Then I heard “E•MO•TION,” the song, and the floodgates opened.

Throughout high school, I pretended that I hated pop music and singers—especially female pop artists. I scoffed at my friends who loved Ariana Grande, while secretly spinning Taylor Swift’s Red on repeat. I tried to give off the impression that I only listened to “serious” music.

I was scared that someone would find out about my shameful love of pop music. But it went deeper than that—I was scared of the connotations that loving pop music carried. I thought that I needed to maintain some level of “cool,” some level of “I’m-not-like-other-girls,” that could only be achieved by listening to “real” music, like classic rock and folk.

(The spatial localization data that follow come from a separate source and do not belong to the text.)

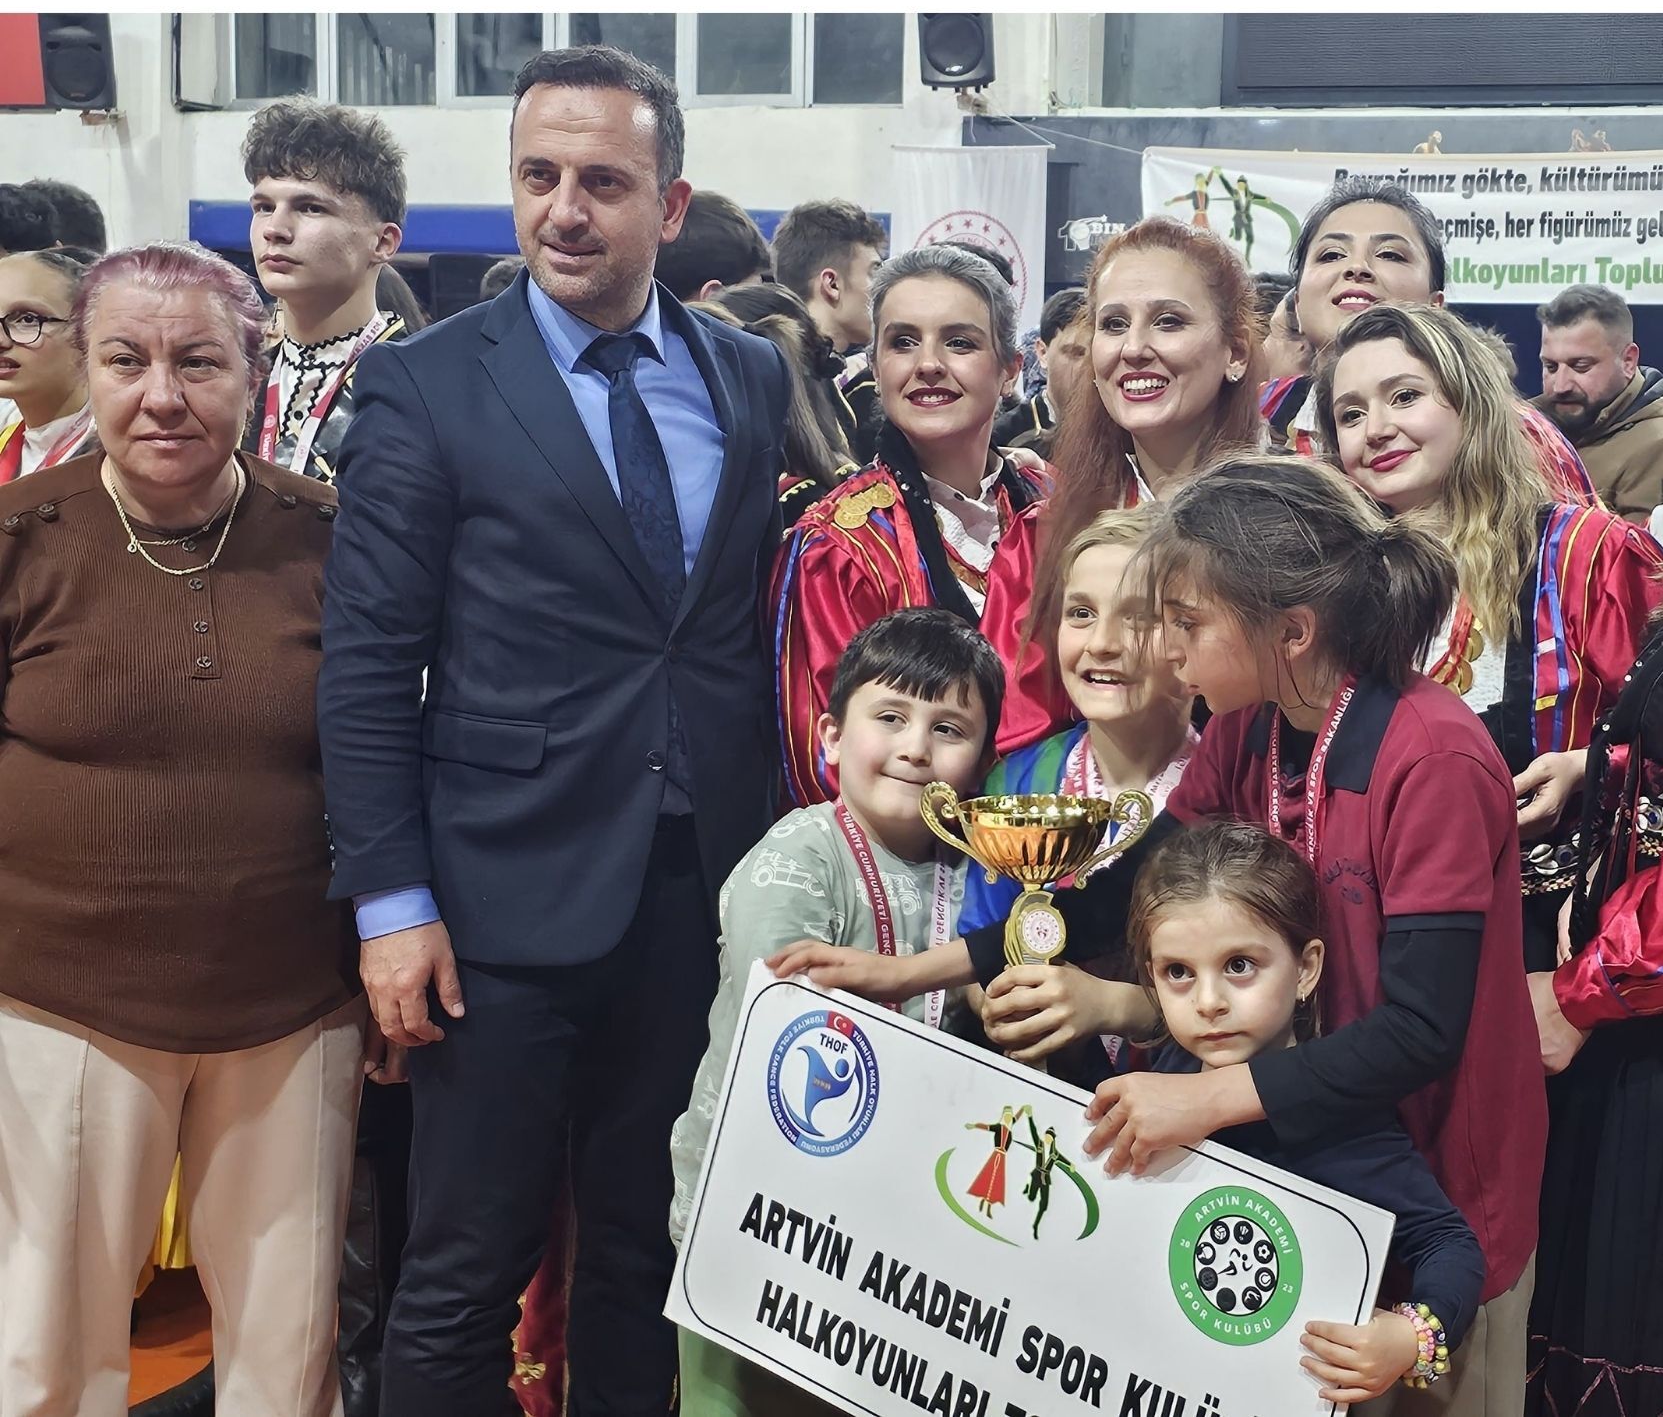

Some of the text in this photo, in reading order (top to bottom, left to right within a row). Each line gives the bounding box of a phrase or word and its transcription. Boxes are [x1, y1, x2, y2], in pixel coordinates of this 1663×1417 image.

[1461, 166, 1533, 199] gökte,
[1437, 212, 1500, 245] eçmişe,
[1505, 211, 1535, 238] her
[1540, 210, 1632, 245] figürümüz
[1452, 257, 1588, 290] lkoyunları
[1310, 757, 1323, 788] SPOR
[1321, 686, 1356, 754] BAKANLIĞI
[841, 811, 887, 921] TÜRKİYE CUMHURİYETİ
[820, 1033, 848, 1054] THOF
[1194, 1194, 1294, 1254] ARTVİN AKADEMİ
[739, 1192, 1109, 1409] ARTVİN AKADEMİ SPOR
[1180, 1282, 1272, 1335] SPOR KULÜBÜ
[1282, 1283, 1294, 1293] 23
[756, 1278, 991, 1417] HALKOYUNLARI
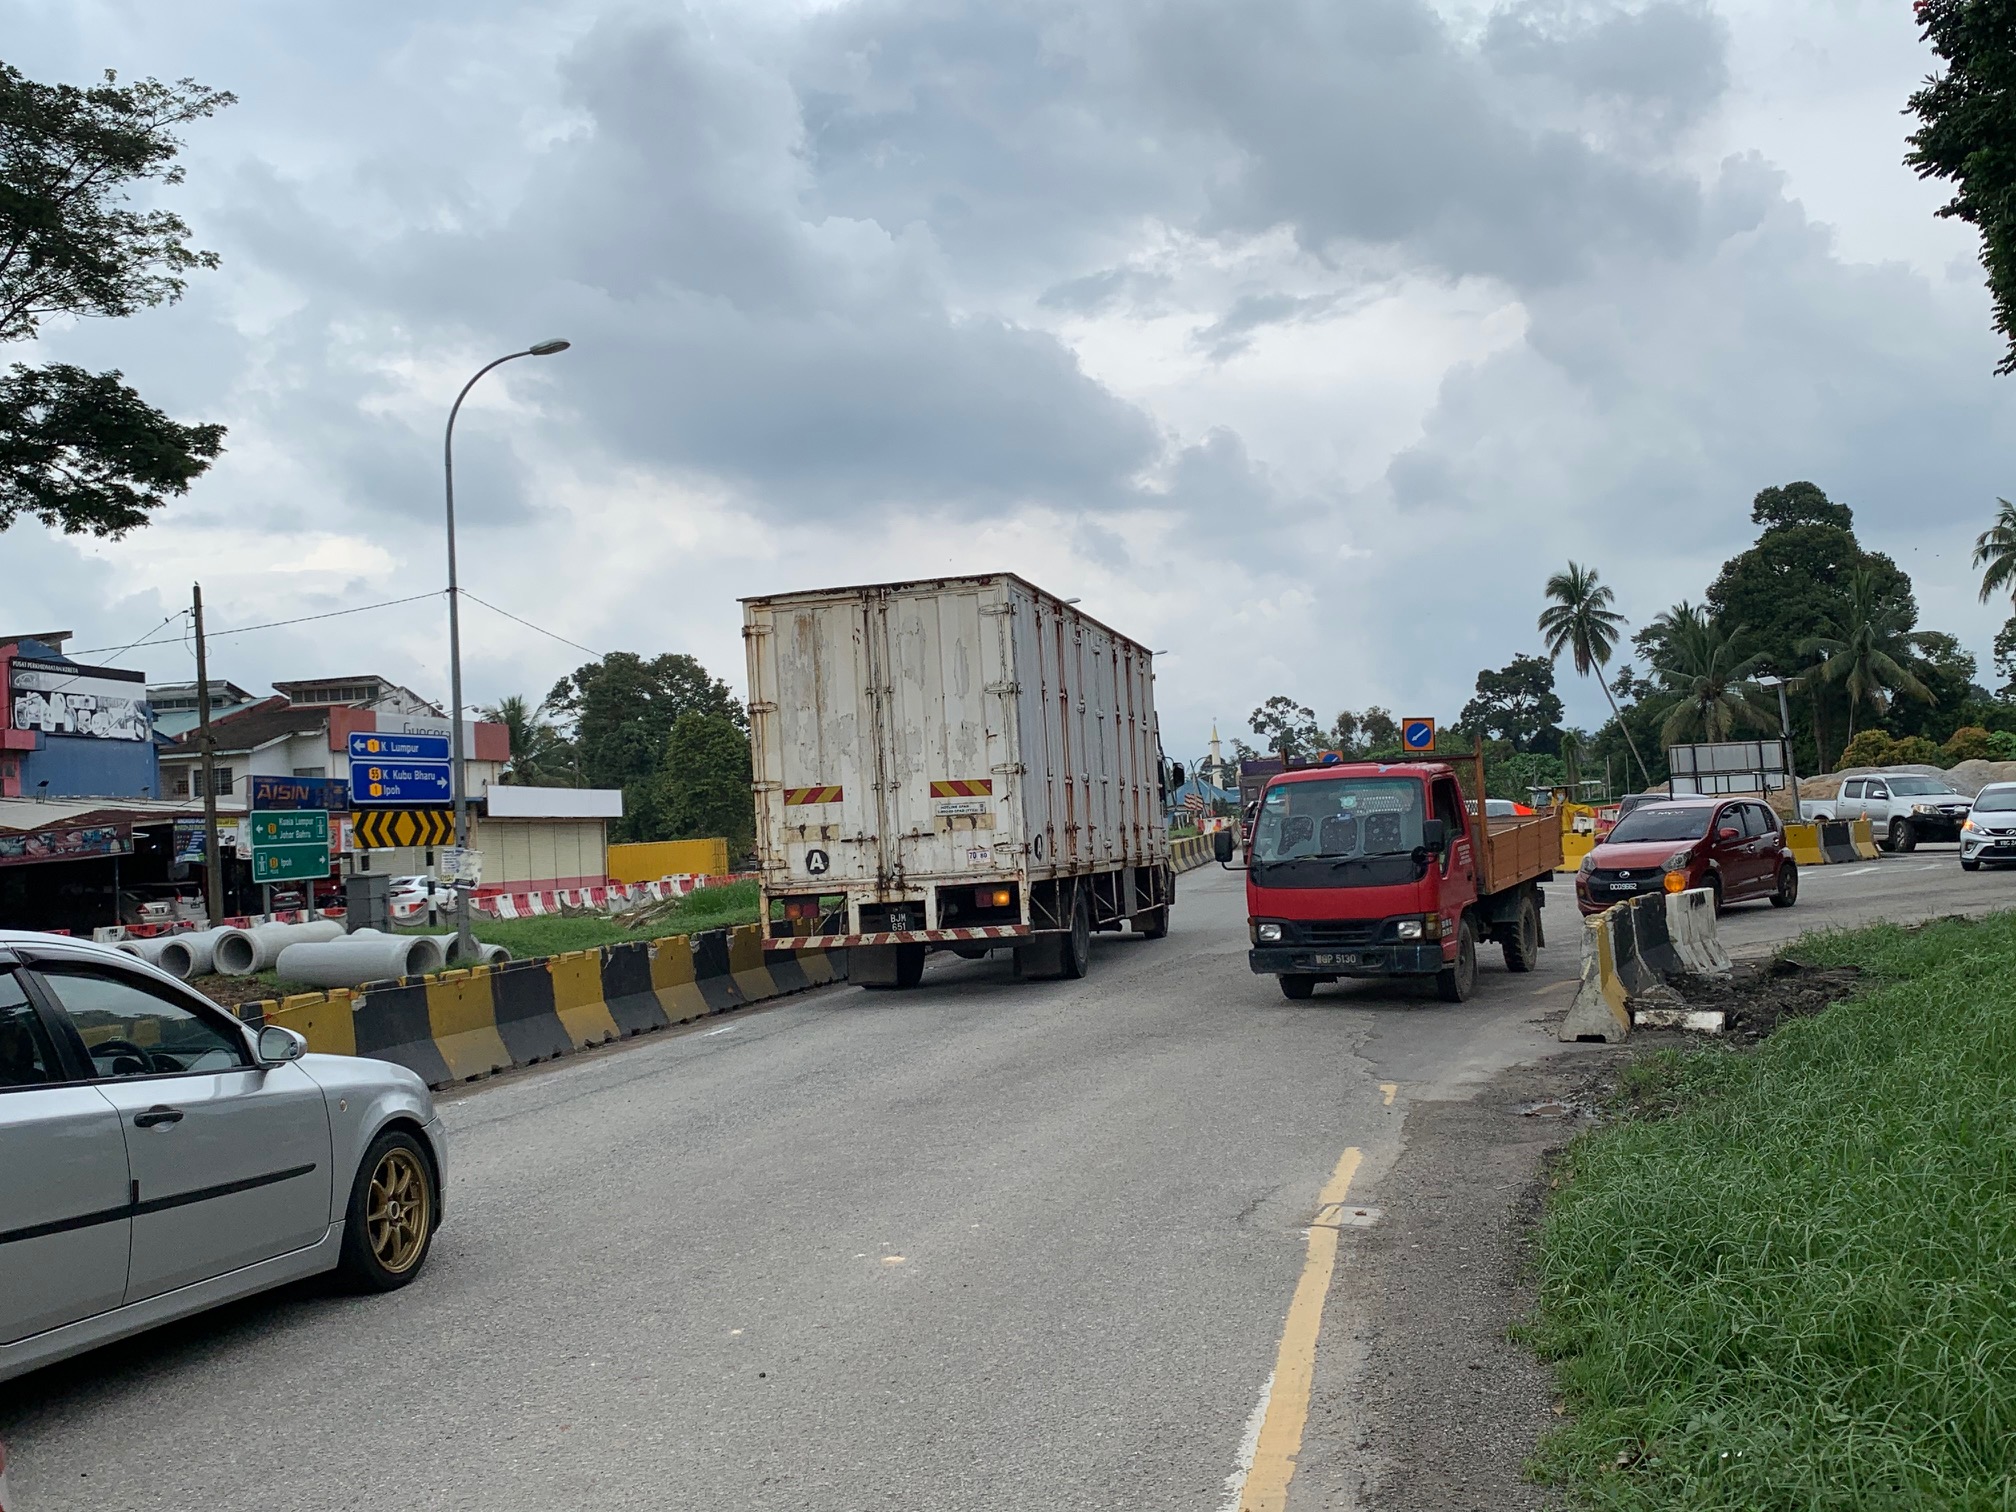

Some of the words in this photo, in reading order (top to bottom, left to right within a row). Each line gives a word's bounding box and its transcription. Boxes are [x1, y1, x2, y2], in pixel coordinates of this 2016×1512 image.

But that day, on my parents’ stoop, when I heard “E•MO•TION” for the first time, I couldn’t stop crying. Carly Rae Jepsen somehow managed to reach into the deepest depths of my soul. She pulled out my darkest secrets and insecurities, and forced me to come face-to-face with what I thought was the worst version of me—the one who felt all her feelings. This sudden burst of emotion, rather than inspiring a journey of self-discovery to become a less closed-off individual, scared the hell out of me. I guided myself back into my overt and public bashing of pop music.

It wasn’t until a few weeks later, when I was at my friend Noah’s house, that I heard another Jepsen song. He played “Boy Problems” and we started dancing around his kitchen. Again, there was an outburst of emotion—this time, joy. When I went home that night, I listened to the rest of E•MO•TION, all 54 minutes of it. And this time I let myself feel everything.

I laughed and cried, felt giddy joy and bitter sorrow. It was stupid, I thought, that I was having such a visceral response to what many would consider “bad” music. E•MO•TION led me on a journey of musical discovery. After Jepsen, I found myself listening to Selena Gomez on the subway, dancing to Ariana Grande in my bedroom, and scream-singing to Zara Larsson in the shower. I even revisited their predecessors, Mariah Carey, Britney Spears, and Hilary Duff. Despite their diverse sounds and images, all these singers had one thing in common—their music conveyed emotions and feelings that I had previously been unable to express.

Pop artists, especially female pop artists, have often been thought of as shallow—incapable of communicating the same emotionality as capital-S “Serious” music. I had also found myself in the school of thought that considered female pop artists to be vapid, stupid, and lacking artistry. My own internalized misogyny made me think that liking female pop artists would invalidate my intelligence, and that if I enjoyed pop music publicly, people would stop taking me seriously. 

This continual discrediting of female pop stars is fuelled by misogyny; their artistry is rendered inauthentic and invalid simply because they are women who want to express their feelings. Unabashedly loving a bubblegum pop princess from Nanaimo, BC was the perfect storm of “girly,” poppy garbage to deteriorate whatever cool girl pseudo-intellectual vibe I had created for myself.

As I delved deeper and deeper into my personal pop music awakening, I found that this music, music that I previously would’ve dismissed as “shallow,” was actually able to help me communicate my deepest, darkest emotions. I came to realize that expressing emotions and listening to music that I genuinely enjoyed was better for my mental and emotional health than whatever bullshit identity I was trying to conform to.  Listening to and loving female pop artists has taught me that my emotions are not petty and unwarranted; expressing my feelings shouldn’t come hand in hand with shame.

And though I can’t credit my entire emotional awakening—a journey that I’m still on—to Carly Rae Jepsen or pop music, I do owe E•MO•TION and pop princesses for showing me how to be emotional, and that it’s okay to feel every feeling with every fibre of my body. This is something that I am still working on.

On that summer day in 2016, as I sat sobbing on my parents’ stoop, the lyric “all that we can do with this emotion,” echoed in my head. I still fixate on that line whenever I hear “E•MO•TION,” and it reminds me that fully feeling my emotions is okay, productive, and healthy. That in my emotions there should be no shame, and only possibility, growth, and life, because there is so much that we can do with this emotion.